In the following, we briefly review arguments for when and how spatial disaggregation is pertinent and describe how this has been carried out in earlier research. The main content of the article is the presentation of PRIO-GRID – its structure, content, and applicability. We offer some examples to highlight how PRIO-GRID may be used to investigate new location-sensitive questions and offer more precise empirical tests of prevalent theories of civil war. We also discuss the prevalence of spatial autocorrelation in geographic data.
Disaggregation: Motives and solutions
What causes civil war? Why do some civil wars last longer than others? Such questions have been subject to systematic scientific scrutiny for decades. Until recently, however, quantitative comparable analyses have been carried out almost exclusively at the level of independent states. Consequently, India – with all its geographic, cultural, political, and socio-economic facets – is treated as a homogenous entity in exactly the same manner as, say, Iceland. This assumption of unit homogeneity may be trivial in some settings but is clearly problematic in others. For example, by modeling civil war outbreak as a function of gross domestic product (GDP) per capita, country population size, ethno-linguistic fractionalization, and other conventional country-level correlates of civil war, we may deduce that India is at higher risk of civil war than Iceland, but we are unable to understand why only some parts of India have a recent history of violence, much less get credible estimates of the local conflict risk. As Buhaug & Lujala (2005) show, there are often significant discrepancies between national aggregates and local-level conditions, and conflict zones are rarely representative of the country at large. Indeed, Cederman & Gleditsch (2009: 488) argue that ‘many of the non-findings and conundrums in the existing cross-national research on civil war … follow at least partly from the near exclusive reliance on country-level attributes.’

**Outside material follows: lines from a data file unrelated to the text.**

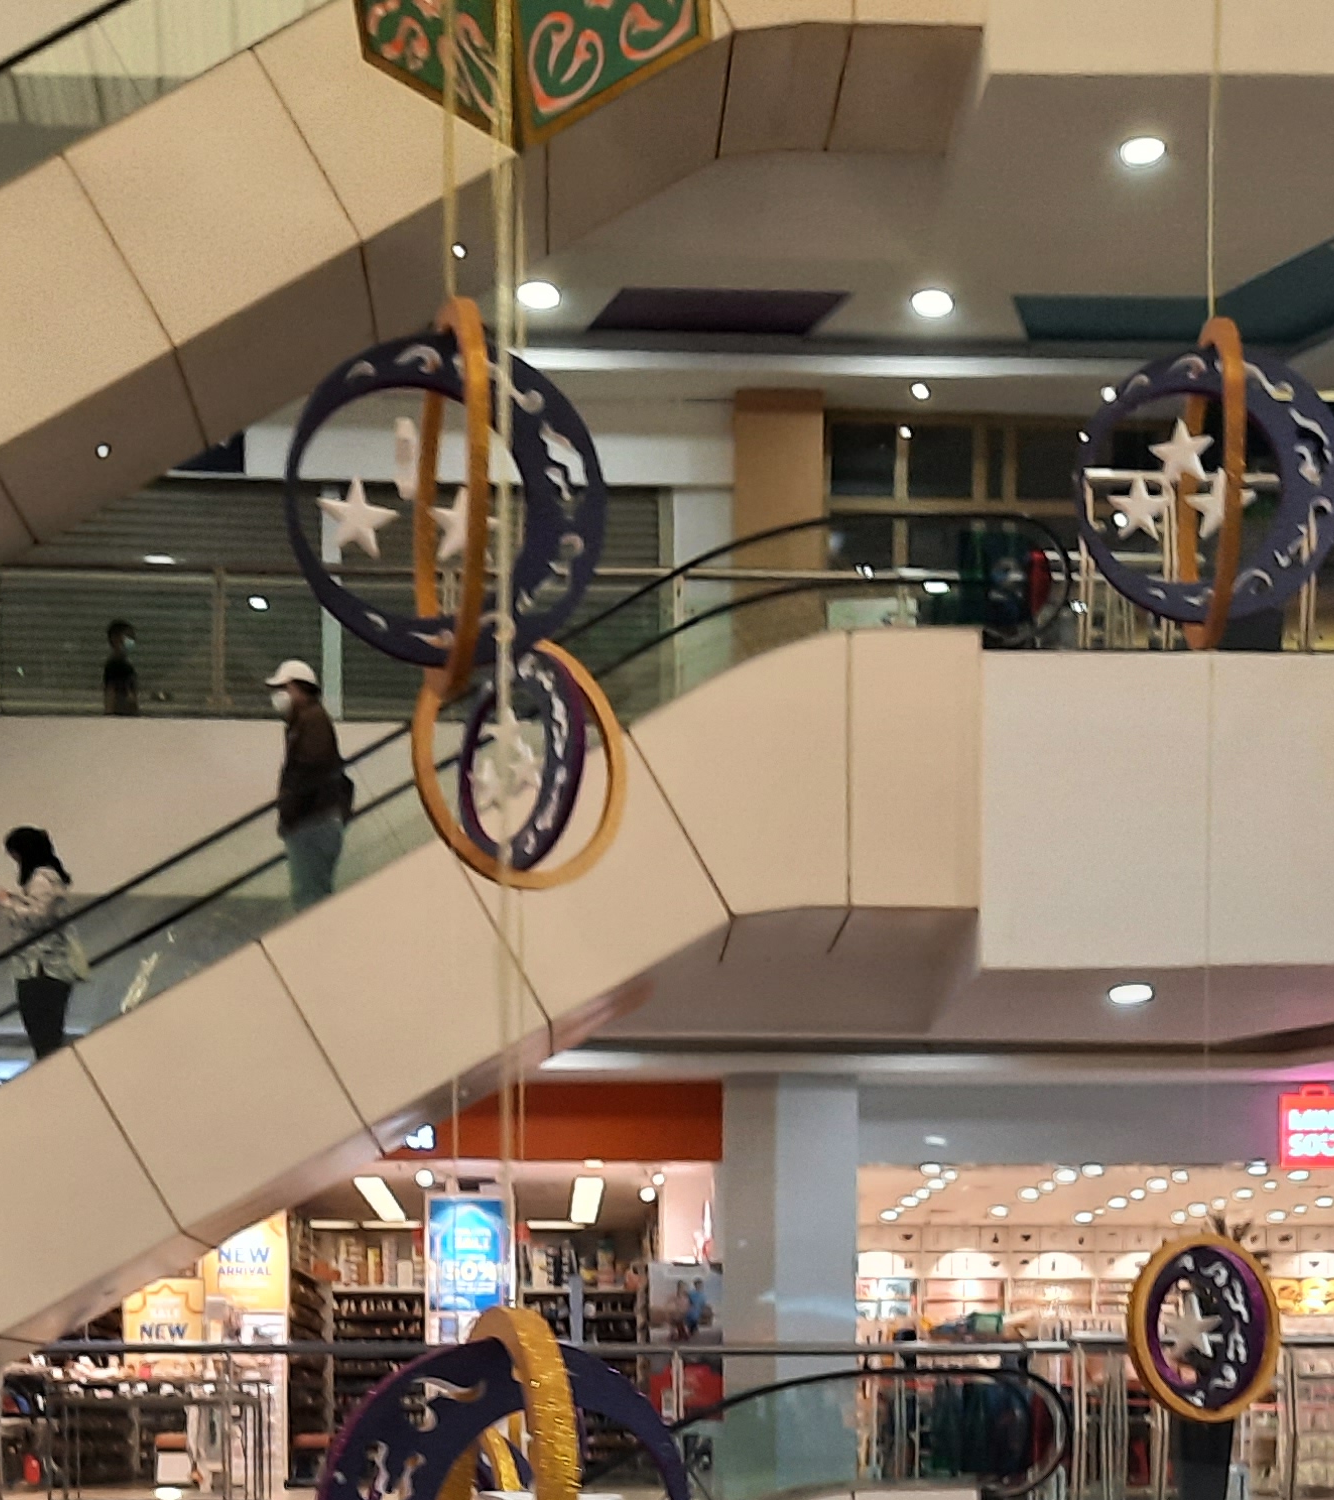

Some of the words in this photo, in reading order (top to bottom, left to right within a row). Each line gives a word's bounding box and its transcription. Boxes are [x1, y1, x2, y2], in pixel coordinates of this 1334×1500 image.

[217, 1247, 271, 1264] NEW
[217, 1266, 272, 1276] ARRIVAL
[139, 1322, 189, 1341] NEW
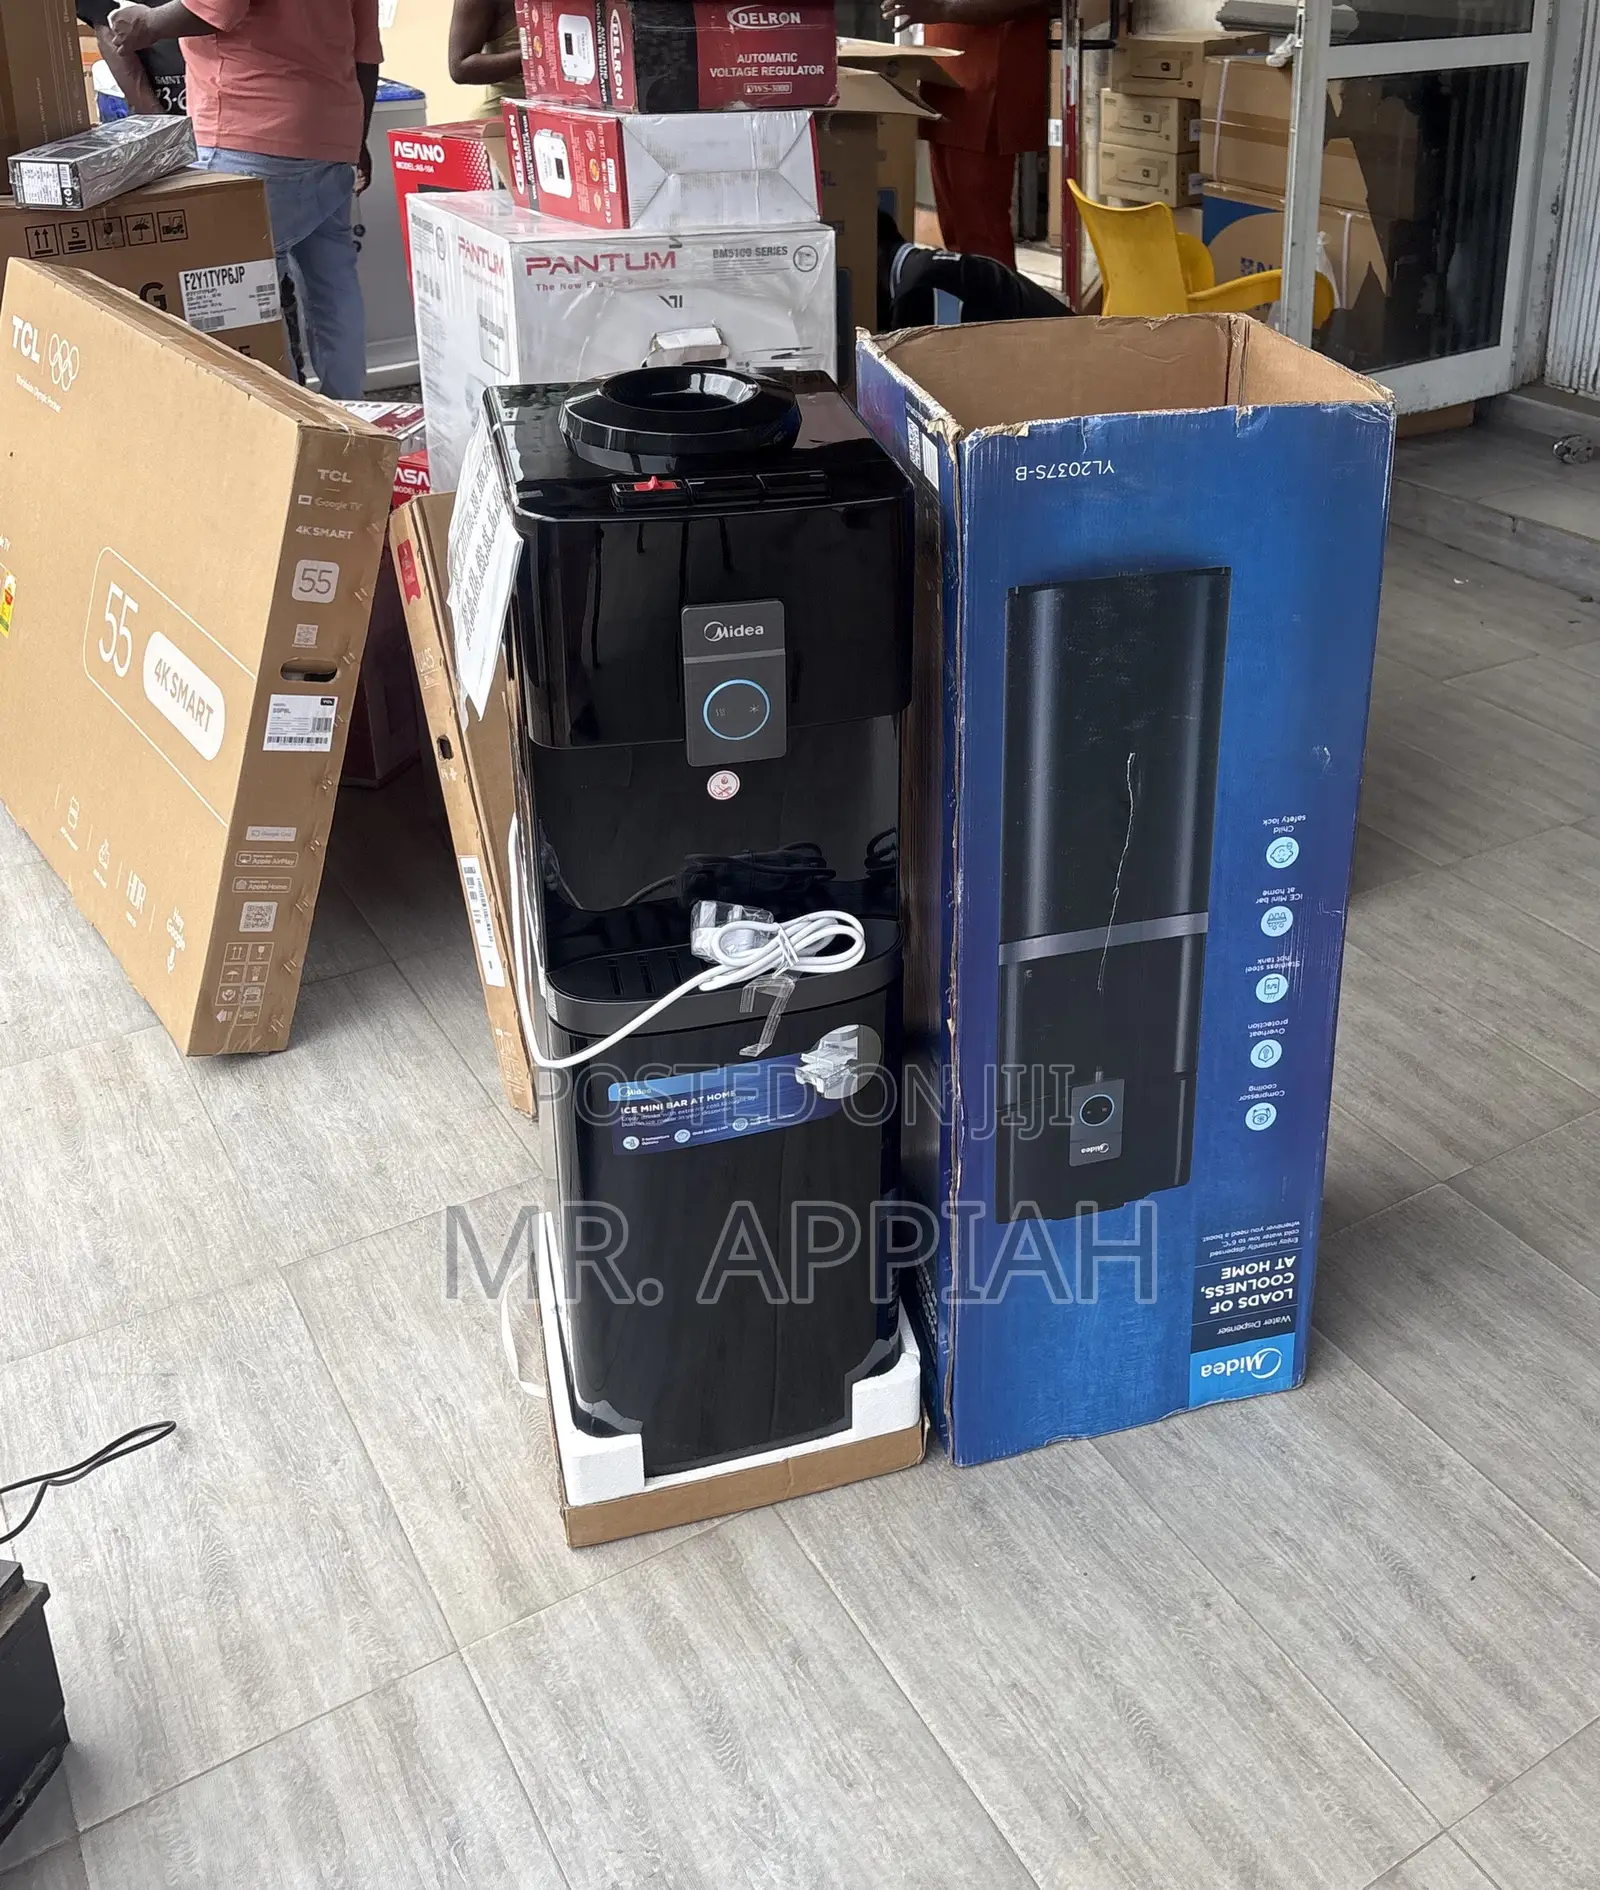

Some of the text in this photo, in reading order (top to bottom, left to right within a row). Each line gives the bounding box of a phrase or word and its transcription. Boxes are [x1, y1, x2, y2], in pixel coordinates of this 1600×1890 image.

[736, 11, 801, 26] DELRON
[611, 14, 624, 99] DELRON
[737, 53, 798, 63] AUTOMATIC
[710, 65, 824, 77] VOLTAGE REGULATOR
[154, 75, 181, 84] SAINT
[394, 141, 444, 163] ASANO
[458, 236, 505, 279] PANTUM
[756, 246, 788, 256] SERIES
[525, 251, 676, 276] PANTUM
[184, 266, 245, 291] F2Y1TYP6JP
[12, 315, 40, 364] TCL
[318, 469, 352, 483] TCL
[394, 467, 431, 487] ASA
[1016, 460, 1115, 481] YL2037S-B
[315, 497, 349, 510] Google
[298, 568, 333, 594] 55
[99, 581, 138, 678] 55
[704, 621, 764, 641] Midea
[1263, 815, 1306, 826] safety lock
[1273, 826, 1294, 834] Child
[1256, 893, 1303, 904] ICE Mini bar
[1262, 888, 1284, 896] home
[1245, 965, 1264, 974] steel
[1248, 1018, 1289, 1029] protection
[1250, 1028, 1285, 1037] Overheat
[1249, 1083, 1277, 1091] cooling
[621, 1090, 737, 1114] ICE MINI BAR AT HOME
[1239, 1090, 1285, 1101] Compressor
[1081, 1143, 1109, 1153] Midea
[1231, 1229, 1249, 1237] need
[1250, 1225, 1264, 1234] you
[1262, 1231, 1282, 1241] water
[1284, 1229, 1299, 1238] cold
[1279, 1237, 1299, 1248] Enjoy
[1209, 1245, 1246, 1258] dispensed
[1221, 1255, 1296, 1279] AT HOME
[1201, 1272, 1295, 1299] COOLNESS,
[1209, 1288, 1293, 1315] LOADS OF
[1217, 1315, 1291, 1335] Water Dispenser
[1201, 1348, 1283, 1379] Midea

As a result of advances in technology and data availability, there has been a wave of disaggregated conflict studies in recent years, perhaps best epitomized by the special issue of the Journal of Conflict Resolution on ‘Disaggregating Civil War’ in 2009. We refer to the introduction (Cederman & Gleditsch, 2009) and subsequent articles in that issue for reviews of the earlier literature, and Sambanis (2004) for a critical discussion of limits to country-level research. At this stage, we limit ourselves to briefly presenting a few alternative means of disaggregation. 1
We can identify three broad departures from the conventional country-level analysis of armed conflict. First, a number of recent publications focus on subnational groups and actors. For example, the Minorities at Risk project (Gurr, 1993) has collected data on 283 targeted politically active minorities and provides information on organizational structure and violent behavior for some of these groups. Öberg’s (2002) study of ethnic rebellion introduced a link between ethnic groups and rebel organizations, analyzed against a control group of 370 ethnic groups without an armed agent (Öberg, 2002: 97). More recently, Wimmer, Cederman & Min (2009) have constructed a catalogue of politically relevant ethnic groups for most countries in the world and coded these groups against the conflicts in the UCDP/PRIO Armed Conflict dataset.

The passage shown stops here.